The Ultimatum: A Jeremy Fisk Novel
Page 28
“No, no, it’s not like that.”
He wasn’t convinced. What else could this be? His inclination was to protect her regardless. Unless getting him to feel that way had been her objective in wrangling an invitation to his off-the-grid bed? Wouldn’t be the first time in the annals of spying.
She said, “I need to keep fighting for the constitutional protection of the communications between journalist and source. Also, if I were to hand over or even discuss documents that Merritt showed me in confidence—that would betray his trust. Why would a source ever trust me again?”
“There’s always an escape route.”
“Except when you’re trapped.”
“We could work it so that a collection of the documents found its way onto the Internet. We would simply omit anything that jeopardized national security. Or better still, we could turn this into a counterintelligence coup by adding documents designed to mess with our enemies’ heads. For instance, we include an Above Top Secret memorandum about our mole at the Chinese Ministry of State Security.”

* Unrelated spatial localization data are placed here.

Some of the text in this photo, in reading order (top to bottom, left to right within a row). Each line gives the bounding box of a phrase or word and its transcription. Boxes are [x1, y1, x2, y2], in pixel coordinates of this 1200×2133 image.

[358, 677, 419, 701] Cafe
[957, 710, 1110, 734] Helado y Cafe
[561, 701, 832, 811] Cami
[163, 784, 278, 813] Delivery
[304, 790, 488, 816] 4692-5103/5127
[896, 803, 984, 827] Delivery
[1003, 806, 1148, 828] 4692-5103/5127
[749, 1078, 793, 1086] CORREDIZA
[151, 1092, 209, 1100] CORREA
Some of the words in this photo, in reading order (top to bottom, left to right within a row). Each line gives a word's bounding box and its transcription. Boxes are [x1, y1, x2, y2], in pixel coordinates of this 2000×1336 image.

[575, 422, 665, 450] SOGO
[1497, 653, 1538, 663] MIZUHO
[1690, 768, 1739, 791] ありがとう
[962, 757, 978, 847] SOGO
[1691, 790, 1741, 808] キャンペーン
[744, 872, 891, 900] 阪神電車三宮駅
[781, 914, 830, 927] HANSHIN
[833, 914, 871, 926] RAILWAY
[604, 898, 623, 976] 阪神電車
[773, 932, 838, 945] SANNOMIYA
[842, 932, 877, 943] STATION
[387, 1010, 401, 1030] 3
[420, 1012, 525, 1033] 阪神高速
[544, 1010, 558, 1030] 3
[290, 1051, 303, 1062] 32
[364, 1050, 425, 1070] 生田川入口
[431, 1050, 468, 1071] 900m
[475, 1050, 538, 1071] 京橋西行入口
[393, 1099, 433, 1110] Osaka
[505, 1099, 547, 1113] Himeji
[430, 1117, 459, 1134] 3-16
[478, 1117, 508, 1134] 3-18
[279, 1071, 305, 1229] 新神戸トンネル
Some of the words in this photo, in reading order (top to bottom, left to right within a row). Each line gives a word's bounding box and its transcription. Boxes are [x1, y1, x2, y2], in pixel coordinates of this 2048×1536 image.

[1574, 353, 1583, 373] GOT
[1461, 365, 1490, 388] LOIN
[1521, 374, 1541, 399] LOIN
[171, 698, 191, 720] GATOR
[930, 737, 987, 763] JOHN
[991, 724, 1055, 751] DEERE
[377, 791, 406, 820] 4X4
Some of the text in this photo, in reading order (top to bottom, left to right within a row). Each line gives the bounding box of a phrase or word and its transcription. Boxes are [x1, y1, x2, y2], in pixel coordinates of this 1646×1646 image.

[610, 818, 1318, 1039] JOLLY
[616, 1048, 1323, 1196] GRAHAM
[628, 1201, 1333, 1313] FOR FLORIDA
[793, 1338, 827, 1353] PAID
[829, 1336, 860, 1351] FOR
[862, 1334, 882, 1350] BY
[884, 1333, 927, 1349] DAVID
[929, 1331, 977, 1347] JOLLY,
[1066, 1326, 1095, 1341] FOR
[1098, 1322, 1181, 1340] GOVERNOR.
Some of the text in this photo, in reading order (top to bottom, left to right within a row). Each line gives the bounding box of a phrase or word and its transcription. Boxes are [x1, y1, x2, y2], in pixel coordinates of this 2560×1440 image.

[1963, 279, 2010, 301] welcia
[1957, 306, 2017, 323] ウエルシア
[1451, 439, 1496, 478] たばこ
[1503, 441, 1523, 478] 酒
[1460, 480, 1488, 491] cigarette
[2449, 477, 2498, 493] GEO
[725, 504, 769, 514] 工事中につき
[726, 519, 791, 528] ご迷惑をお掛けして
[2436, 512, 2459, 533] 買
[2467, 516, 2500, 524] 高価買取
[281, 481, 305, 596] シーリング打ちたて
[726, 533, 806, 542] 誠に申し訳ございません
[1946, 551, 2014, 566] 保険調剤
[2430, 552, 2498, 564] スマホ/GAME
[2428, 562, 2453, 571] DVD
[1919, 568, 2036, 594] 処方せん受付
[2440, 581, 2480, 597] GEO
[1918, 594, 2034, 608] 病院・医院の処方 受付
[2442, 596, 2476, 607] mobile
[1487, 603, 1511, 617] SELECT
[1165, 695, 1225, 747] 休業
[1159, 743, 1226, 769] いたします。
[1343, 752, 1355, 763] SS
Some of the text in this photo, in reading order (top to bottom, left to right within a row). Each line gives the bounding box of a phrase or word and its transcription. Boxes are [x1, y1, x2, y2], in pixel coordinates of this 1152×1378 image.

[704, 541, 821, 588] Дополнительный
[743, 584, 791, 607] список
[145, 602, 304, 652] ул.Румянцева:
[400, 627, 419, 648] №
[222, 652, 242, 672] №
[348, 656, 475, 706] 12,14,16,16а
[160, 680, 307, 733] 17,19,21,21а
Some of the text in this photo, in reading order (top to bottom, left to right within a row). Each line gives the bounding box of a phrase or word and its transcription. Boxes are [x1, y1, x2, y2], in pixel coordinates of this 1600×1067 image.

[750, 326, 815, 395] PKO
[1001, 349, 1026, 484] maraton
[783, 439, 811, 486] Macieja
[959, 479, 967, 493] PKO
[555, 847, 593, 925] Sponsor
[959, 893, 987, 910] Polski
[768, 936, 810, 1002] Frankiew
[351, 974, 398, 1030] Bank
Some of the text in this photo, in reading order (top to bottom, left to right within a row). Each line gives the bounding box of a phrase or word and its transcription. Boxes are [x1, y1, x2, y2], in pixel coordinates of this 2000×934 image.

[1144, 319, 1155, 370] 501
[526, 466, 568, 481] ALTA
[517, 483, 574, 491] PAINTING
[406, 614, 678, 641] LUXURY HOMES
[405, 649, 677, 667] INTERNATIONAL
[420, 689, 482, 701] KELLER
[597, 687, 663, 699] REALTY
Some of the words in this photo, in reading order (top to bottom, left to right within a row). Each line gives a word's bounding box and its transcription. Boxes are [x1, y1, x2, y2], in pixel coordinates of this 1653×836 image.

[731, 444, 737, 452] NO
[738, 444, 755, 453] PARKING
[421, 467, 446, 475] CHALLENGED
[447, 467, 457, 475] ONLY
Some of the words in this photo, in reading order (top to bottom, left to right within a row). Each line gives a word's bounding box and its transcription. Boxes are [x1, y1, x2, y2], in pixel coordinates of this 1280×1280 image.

“That would work except for one part.” She looked at the footwell. “I don’t have the documents.”
He figured he’d missed something. “What happened to them?”
“All of the material I ever had was excerpted in my story, the same documents Merritt simultaneously uploaded to WikiLeaks, which WikiLeaks posted a few hours after my story was published. I promised Merritt I wouldn’t reveal what I’d seen and what I hadn’t, for his protection, not until he’d uploaded everything he had.”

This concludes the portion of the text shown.